Moose Meatposted by conebaby on Friday January 30th 12:41am
This post is not for the faint of heart! I am serious. Bloody moose/butchering photos ahead...
Several months ago we acquired ourselves a moose. Don't ask how; if I told you I'd have to kill you. Suffice it to say that on a cold Alaskan night a moose met an unfortunate end, and the result was cupboards well-stocked with moose meat.
Yes, that is a tongue hanging out of the side of its mouth. Ew!
It was cold, as you can see from the steam coming off the moose while it was being skinned.
Thank goodness we have friends (no, not the governor) who know the proper way to field dress a moose. Skin it first, then quarter it. It's bloody work, to be sure.
Then came the long, long night of butchering.
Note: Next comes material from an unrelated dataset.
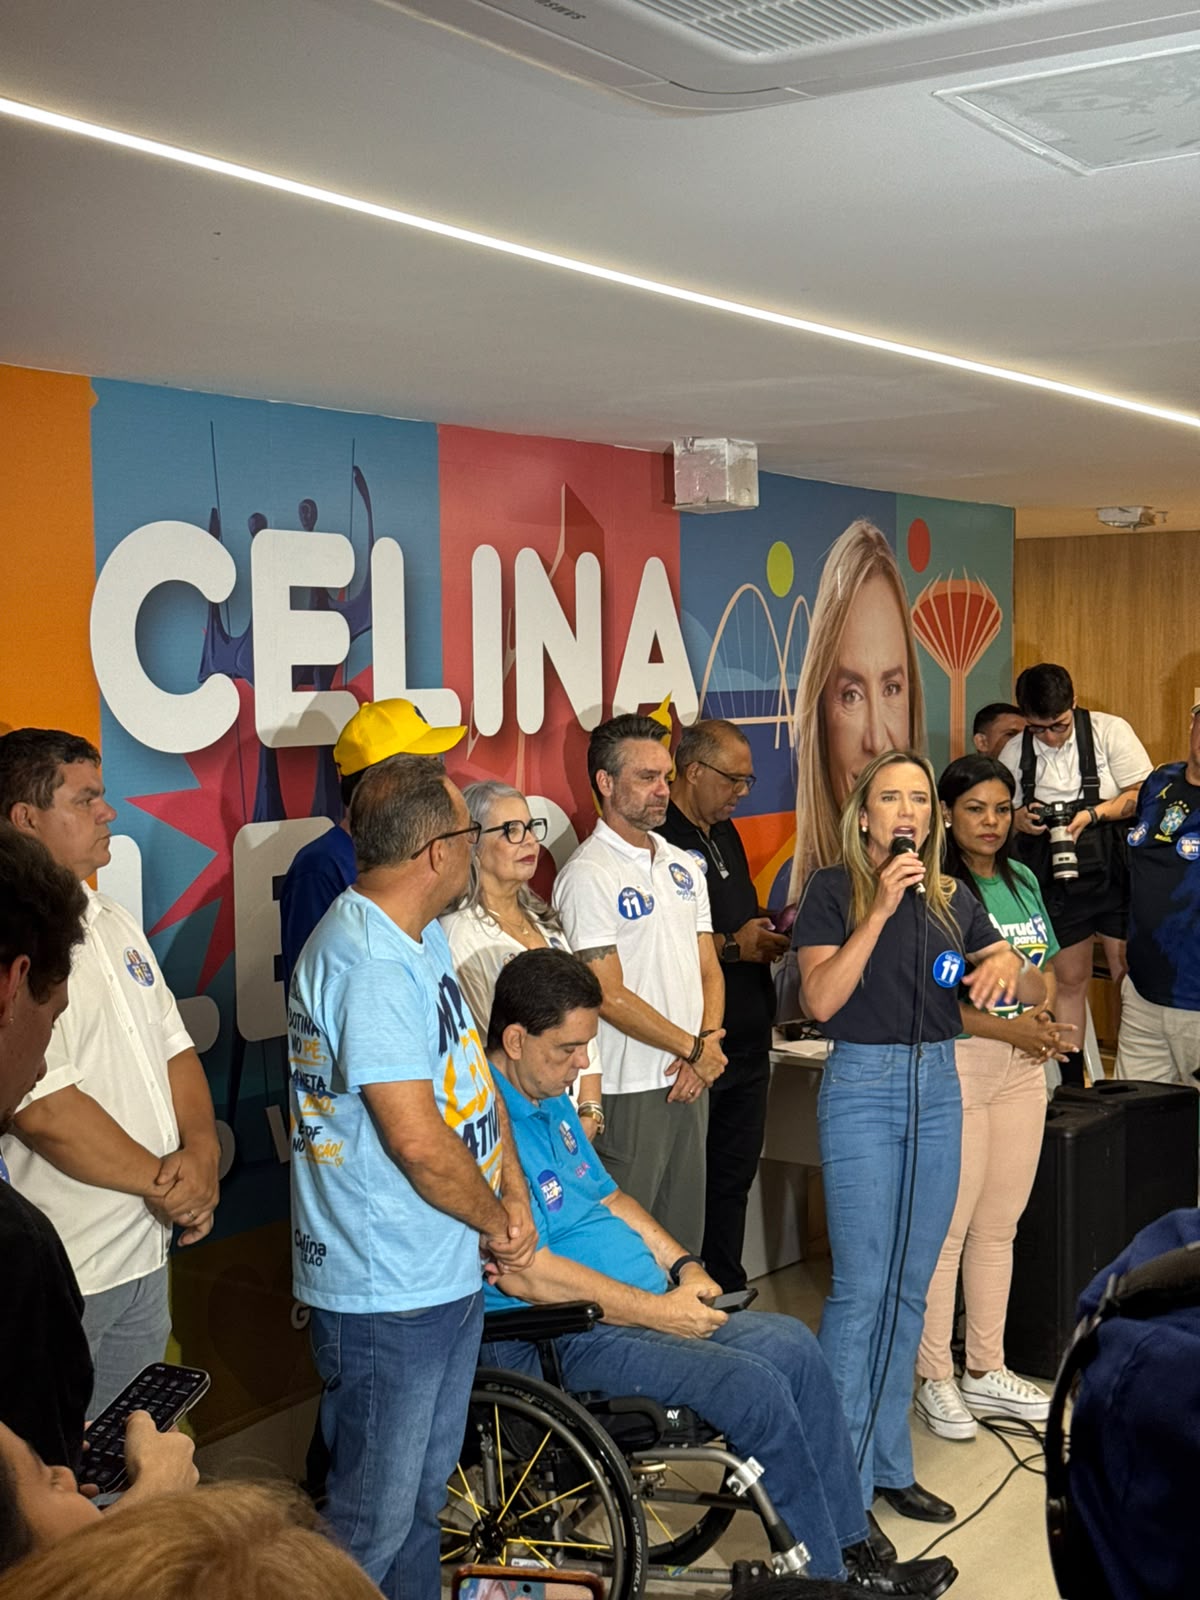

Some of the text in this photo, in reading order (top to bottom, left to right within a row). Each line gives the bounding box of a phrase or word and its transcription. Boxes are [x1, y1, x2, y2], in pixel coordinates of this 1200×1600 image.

[89, 520, 700, 754] CELINA
[622, 897, 642, 918] 11
[942, 960, 960, 984] 11
[664, 1409, 680, 1420] AY
You know, my "Alaska-versary" is coming up and there is just no way I could have imagined, back in January 2007, that I would be doing stuff like this...
We made coffee...
And dove into a long weekend of hard work, cleaning and processing literally hundreds of pounds of moose...
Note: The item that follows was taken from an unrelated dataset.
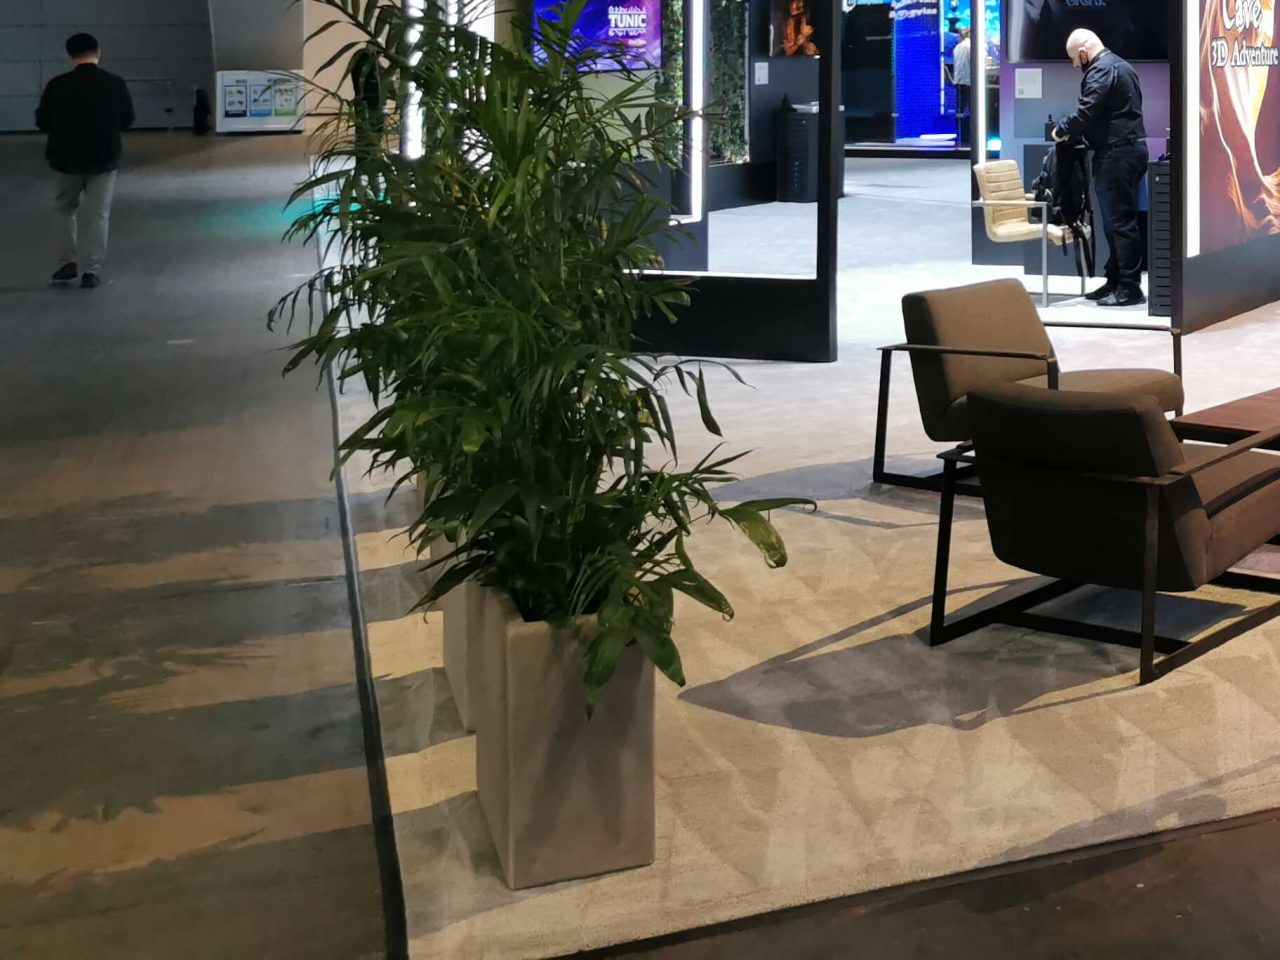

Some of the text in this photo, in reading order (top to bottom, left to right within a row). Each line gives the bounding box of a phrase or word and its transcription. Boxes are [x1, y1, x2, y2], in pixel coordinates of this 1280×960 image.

Some of the meat was cut into steaks, some ground for burgers and meatballs and such, and some set aside for jerky (perfect for camping!) Much of the meat was canned; canning meat wasn't even on my radar before moving to Alaska, however it's an incredibly convenient way to preserve and store everything from moose to salmon to turkey.
Below, left is a "raw pack" and the jar on the right is moose meat canned with tomatoes:
We've already made moose meatballs (sorry, no photos!) and they were delicious. On New Year's Eve we had Hungarian Goulash - with moose, of course.
I've already shared the photos of our chinook cookout, but here they are again:
The steaks were marinated in Coke and various herbs and spices. I can say without hesitation that it was one of the top three steaks I have ever eaten in my entire life.